The current restriction on the use of the words ‘bank’, ‘banker’ and ‘banking’ under section 66 of the Banking Act will be removed to the effect that where an entity is an ADI, that entity will be able to use those terms in its business. This will allow a range of ADIs to use the term ‘bank’.
APRA will retain its ability to restrict the use of the term ‘bank’ in certain circumstances; for example, where a purchase payment facility is an ADI but does not conduct traditional ‘banking’ business.
It is important that APRA retains the ability to determine that some ADIs may not use the restricted terms. Therefore, APRA will continue to be able to restrict the use of the terms ‘bank’, ‘banker’ and ‘banking’ through providing an affected ADI with a written determination restricting that ADI from use of the terms. [Item 5, subsection 66AA(3) of the Banking Act]
Determinations made by APRA to restrict the use of these terms may apply to a single ADI or to a class or classes of ADI. It is expected that APRA would use the power to prohibit certain ADIs which do not have the ordinary characteristics of banks from utilising the term ‘bank’ (for example, purchase payment facilities). This power may also be used to deny the use of the term where serious or unusual circumstances warrant APRA making this determination.
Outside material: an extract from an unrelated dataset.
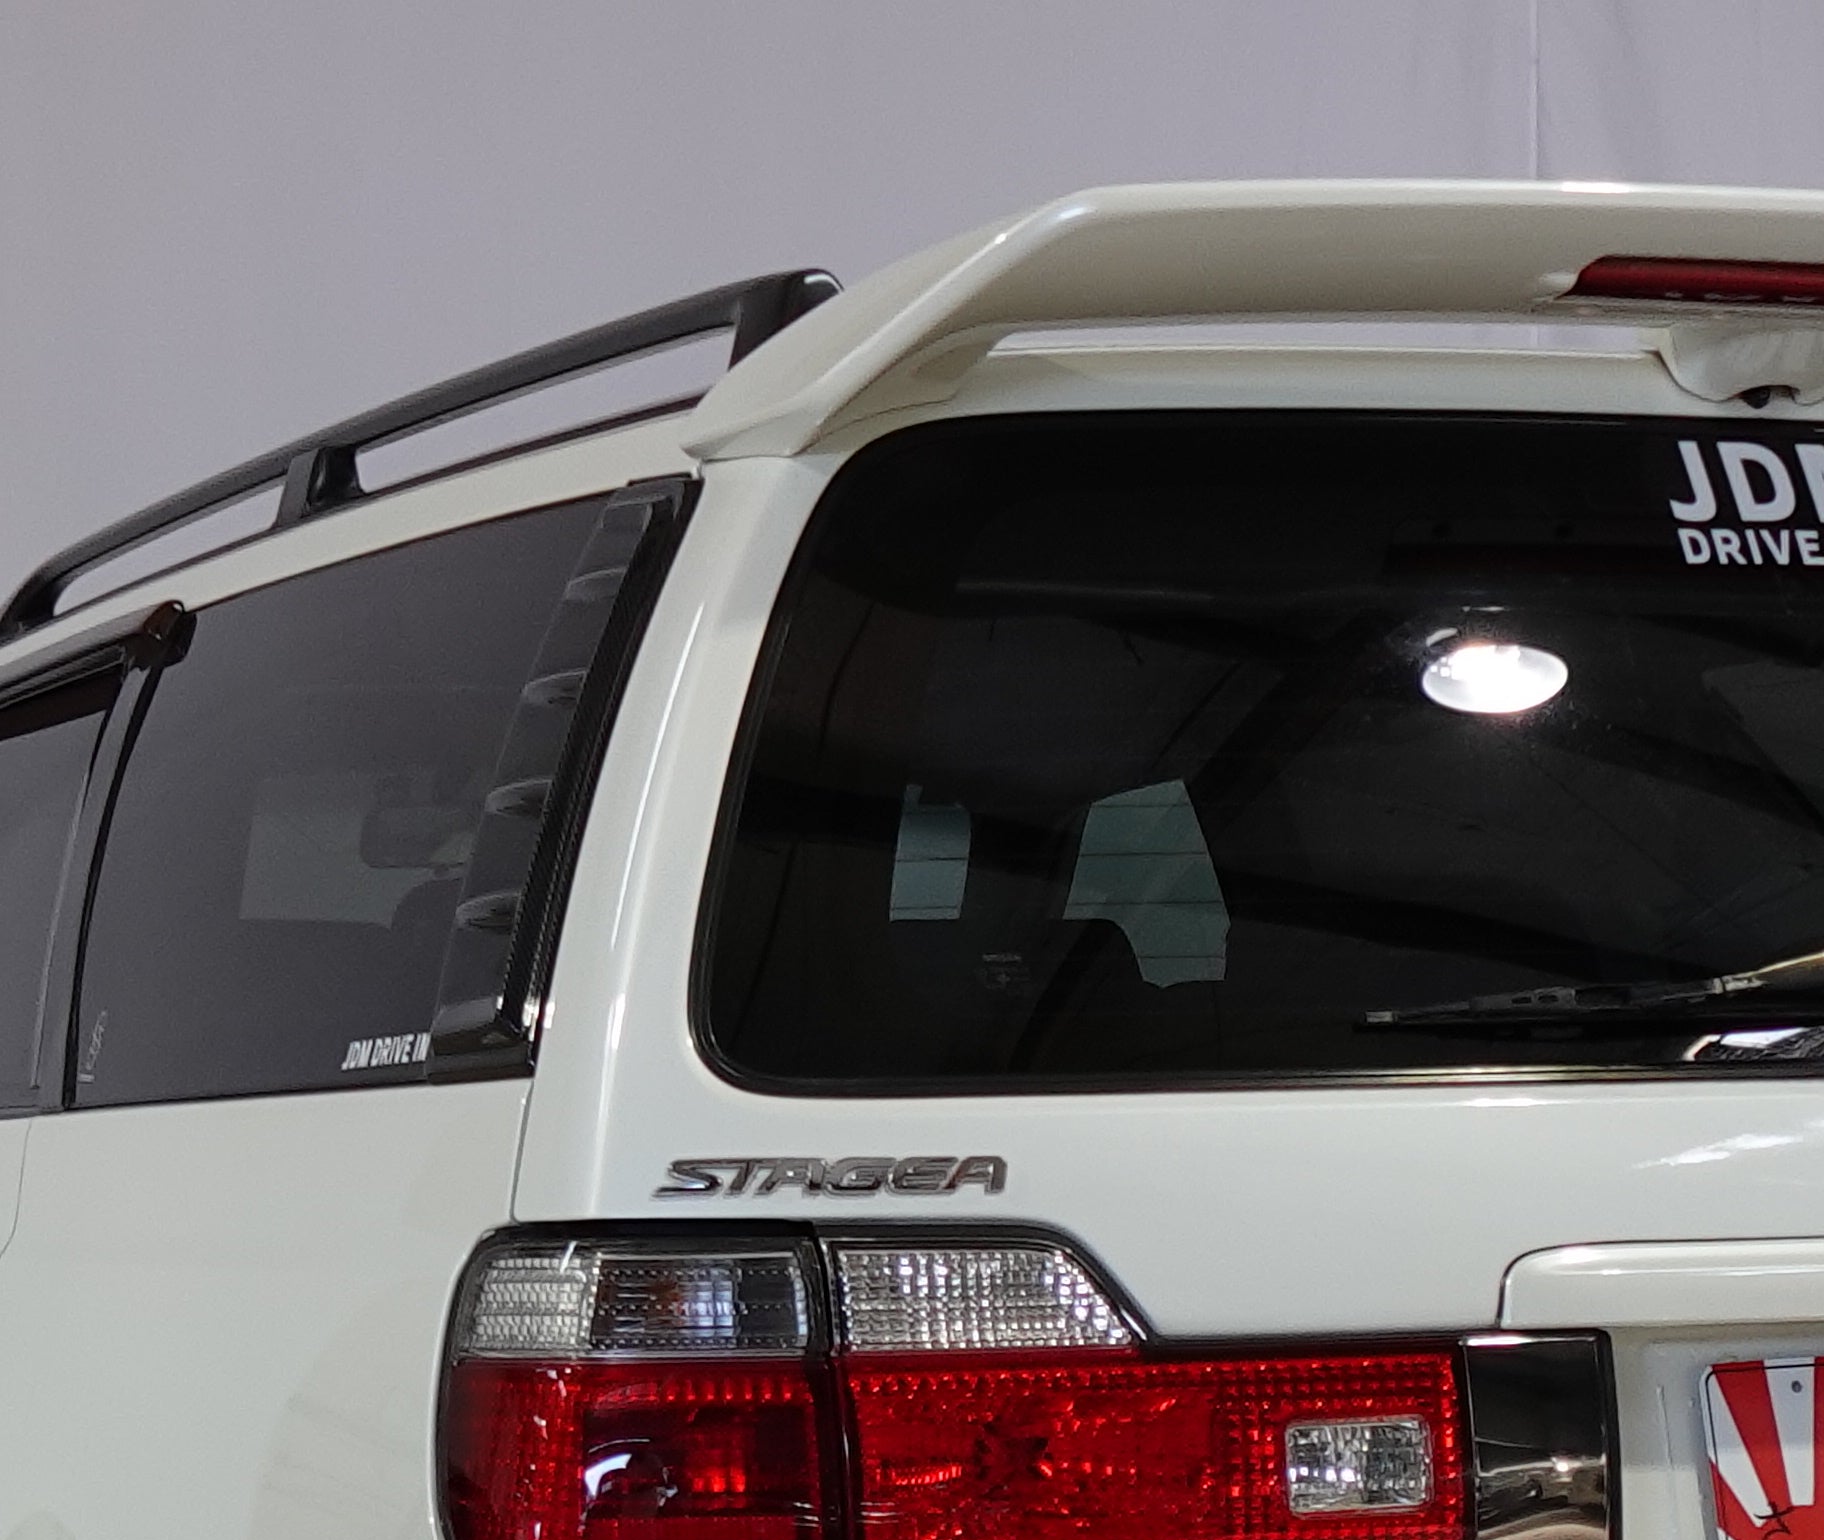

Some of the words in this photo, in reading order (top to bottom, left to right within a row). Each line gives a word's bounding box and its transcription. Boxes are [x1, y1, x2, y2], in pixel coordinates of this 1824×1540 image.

[341, 1039, 374, 1071] JDM
[370, 1033, 415, 1068] DRIVE
[651, 1155, 1009, 1200] STAGEA
APRA may still receive applications from non-ADI financial businesses for permission to use the term ‘bank’, or from ADIs who wish to apply for the use of other restricted terms, such as ‘credit union’ (non-mutual ADIs are separately prohibited from inaccurately describing themselves as ‘credit unions’ or like terms). The latter approval is not automatically granted in the same way as ‘bank’ given that these terms convey the concept of mutuality, which is not relevant to all ADIs.
However, given APRA will no longer receive applications from many ADIs, it is no longer desirable that the remainder of the decisions to be made under section 66 be reviewable. This more appropriately reflects the Government’s intent to limit the use of the term ‘bank’ by financial businesses other than ADIs to very rare and unusual circumstances. This approach is consistent with Recommendation 35 of the Financial System
Inquiry to clearly differentiate the investment products financial companies and similar entities offer retail consumers from ADI deposits.
The Customer Owned Banking Association welcomed the move:
COBA congratulates the Government on moving quickly to allow all credit unions and building societies to use the term ‘bank’.
Credit unions and building societies are Authorised Deposit-taking Institutions (ADIs), like banks, and are subject to the same prudential regulatory framework as banks and the Government’s deposit guarantee under the Financial Claims Scheme.
“It makes sense that all ADIs should be able to choose to use the term ‘bank’ to explain what they do – which is banking,” said COBA CEO Mark Degotardi.
“The historic restriction on use of the term bank by ADIs with more than $50 million in capital is out of date and no longer relevant.
“We welcome the Government’s move to level the playing field.
“There are already 18 customer owned banks providing competition and choice in the retail banking market. These former credit unions and building societies are likely to be joined by many of the 60 other customer owned banking institutions currently trading as credit unions and building societies.
“Some credit unions and building societies may prefer not to rebrand but at least now they will have a choice.
“This draft legislation is the latest installment of the Government’s agenda to promote competition in banking. COBA congratulates the Government on its commitment to this agenda and its delivery of positive reform.
“We look forward to engaging with the Government on the draft legislation.”